I compiled this with gcc 4.8.4, using the following command line (the -mcx16 is needed to do atomic ops on the >1 word pointer_t):

g++ -std=c++11 michael-scott.cc -o michael-scott -mcx16 -lpthread -ggdb -O0

Finally, using valgrind 3.10.1 (note the Address 0x5c0b058 is 24 bytes inside a block of size 32 free'd):


$ valgrind ./michael-scott
==12588== Memcheck, a memory error detector
==12588== Copyright (C) 2002-2013, and GNU GPL'd, by Julian Seward et al.
==12588== Using Valgrind-3.10.1 and LibVEX; rerun with -h for copyright info
==12588== Command: ./michael-scott
==12588==
==12588== Thread 2:
==12588== Invalid read of size 8
==12588== at 0x401CEE: std::atomic::pointer_t>::load(std::memory_order) const (atomic:209)
==12588== by 0x4017B4: queue_t::enqueue(empty) (michael-scott.cc:76)
==12588== by 0x4011BB: slow_thread() (michael-scott.cc:127)
==12588== by 0x402EB8: void std::_Bind_simple::_M_invoke<>(std::_Index_tuple<>) (functional:1732)
==12588== by 0x402E12: std::_Bind_simple::operator()() (functional:1720)
==12588== by 0x402DAB: std::thread::_Impl >::_M_run() (thread:115)
==12588== by 0x50FF7AF: ??? (in /nix/store/6vz6baw7wc26bp2c2i2lpip1z9yvcw0c-gcc-4.8.4/lib/libstdc++.so.6.0.19)
==12588== by 0x4E3A483: start_thread (in /nix/store/6k9z1sfl7kghmagwd205k3i81pbcw57s-glibc-2.21/lib/libpthread-2.21.so)
==12588== by 0x595204C: clone (in /nix/store/6k9z1sfl7kghmagwd205k3i81pbcw57s-glibc-2.21/lib/libc-2.21.so)
==12588== Address 0x5c0b058 is 24 bytes inside a block of size 32 free'd
==12588== at 0x4C290B1: operator delete(void*) (in /nix/store/rgxnhg1wpqzvjslyzk47z3www5clfc0l-valgrind-3.10.1/lib/valgrind/vgpreload_memcheck-amd64-linux.so)
==12588== by 0x401BE6: queue_t::dequeue(empty*) (michael-scott.cc:111)
==12588== by 0x40123A: main (michael-scott.cc:143)
==12588==
==12588==
==12588== HEAP SUMMARY:
==12588== in use at exit: 64 bytes in 2 blocks
==12588== total heap usage: 5 allocs, 3 frees, 456 bytes allocated
==12588==
==12588== LEAK SUMMARY:
==12588== definitely lost: 0 bytes in 0 blocks
==12588== indirectly lost: 0 bytes in 0 blocks
==12588== possibly lost: 0 bytes in 0 blocks
==12588== still reachable: 64 bytes in 2 blocks
==12588== suppressed: 0 bytes in 0 blocks
==12588== Rerun with --leak-check=full to see details of leaked memory
==12588==
==12588== For counts of detected and suppressed errors, rerun with: -v
==12588== ERROR SUMMARY: 2 errors from 1 contexts (suppressed: 1 from 1)

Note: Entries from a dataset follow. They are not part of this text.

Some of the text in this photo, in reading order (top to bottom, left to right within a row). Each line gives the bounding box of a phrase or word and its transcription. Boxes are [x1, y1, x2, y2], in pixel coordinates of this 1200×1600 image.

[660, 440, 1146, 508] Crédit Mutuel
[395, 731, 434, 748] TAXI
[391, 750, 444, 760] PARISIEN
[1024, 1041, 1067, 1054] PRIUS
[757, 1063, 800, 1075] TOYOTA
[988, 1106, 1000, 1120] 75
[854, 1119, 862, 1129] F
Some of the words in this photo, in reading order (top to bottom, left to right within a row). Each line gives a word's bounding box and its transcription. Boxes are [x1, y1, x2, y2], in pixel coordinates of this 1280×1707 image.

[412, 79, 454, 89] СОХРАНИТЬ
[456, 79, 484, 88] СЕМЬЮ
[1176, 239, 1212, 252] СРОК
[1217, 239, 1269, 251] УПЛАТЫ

So, there you have it: Don't use an unmodified Michael-Scott queue when doing manual memory management!

Update 1

I heard back from one of the authors of the paper. At the time of the paper, it was acknowledged that releasing memory for general use/back to the OS was still an open problem. The free in the algorithm is meant to represent a function putting the node back on to a locally-maintained special-use free list and not the partner to malloc. This is mentioned briefly in the paper ("We use Treiber’s simple and efficient non-blocking stack algorithm to implement a non-blocking free list."), but I didn't realize that implied the memory wouldn't be used for anything else. So under those circumstances, this algorithm works.

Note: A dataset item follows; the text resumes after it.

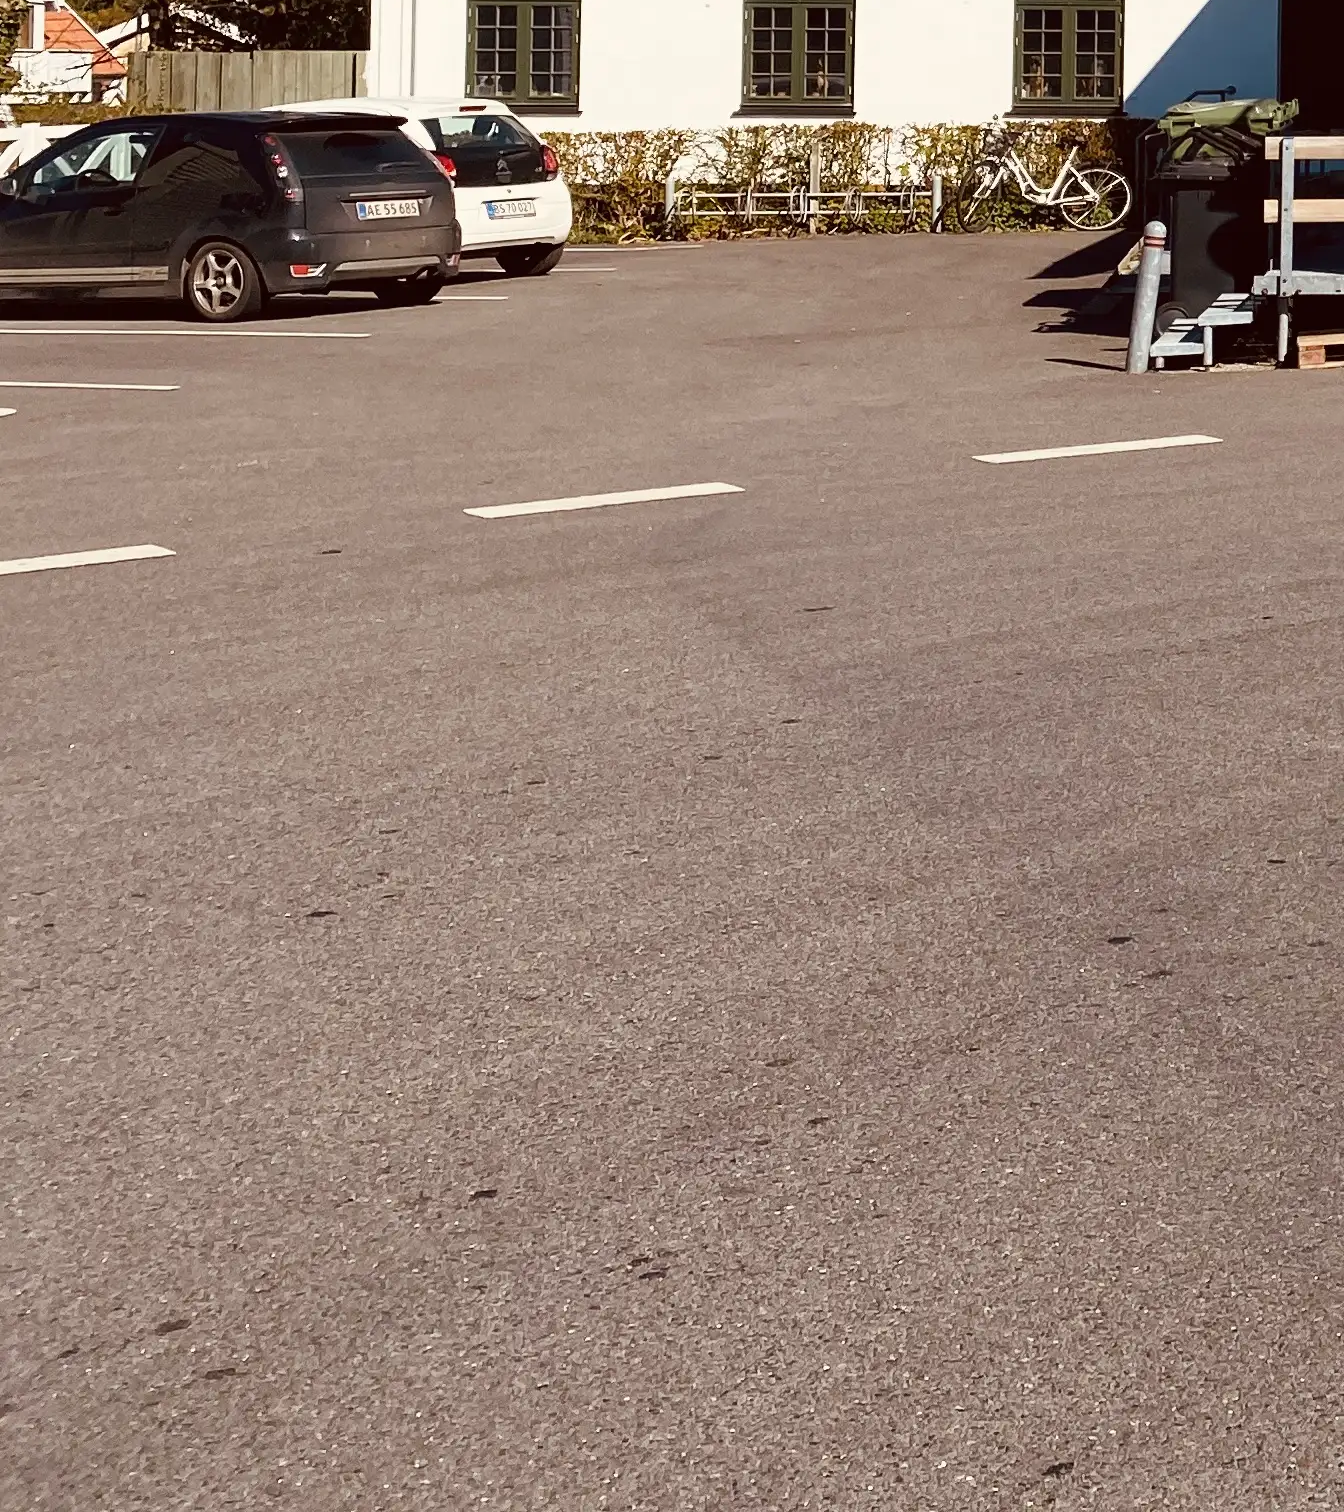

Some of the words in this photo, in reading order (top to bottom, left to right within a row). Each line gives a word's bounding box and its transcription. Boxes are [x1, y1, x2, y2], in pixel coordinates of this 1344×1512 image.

He also pointed me to his more recent paper on hazard pointers (pdf), which provides a general means of truly releasing memory for general use in lock-free or even wait-free algorithms, and shows a modification of the Michael-Scott queue that's safe to use with general use memory allocation/deallocation.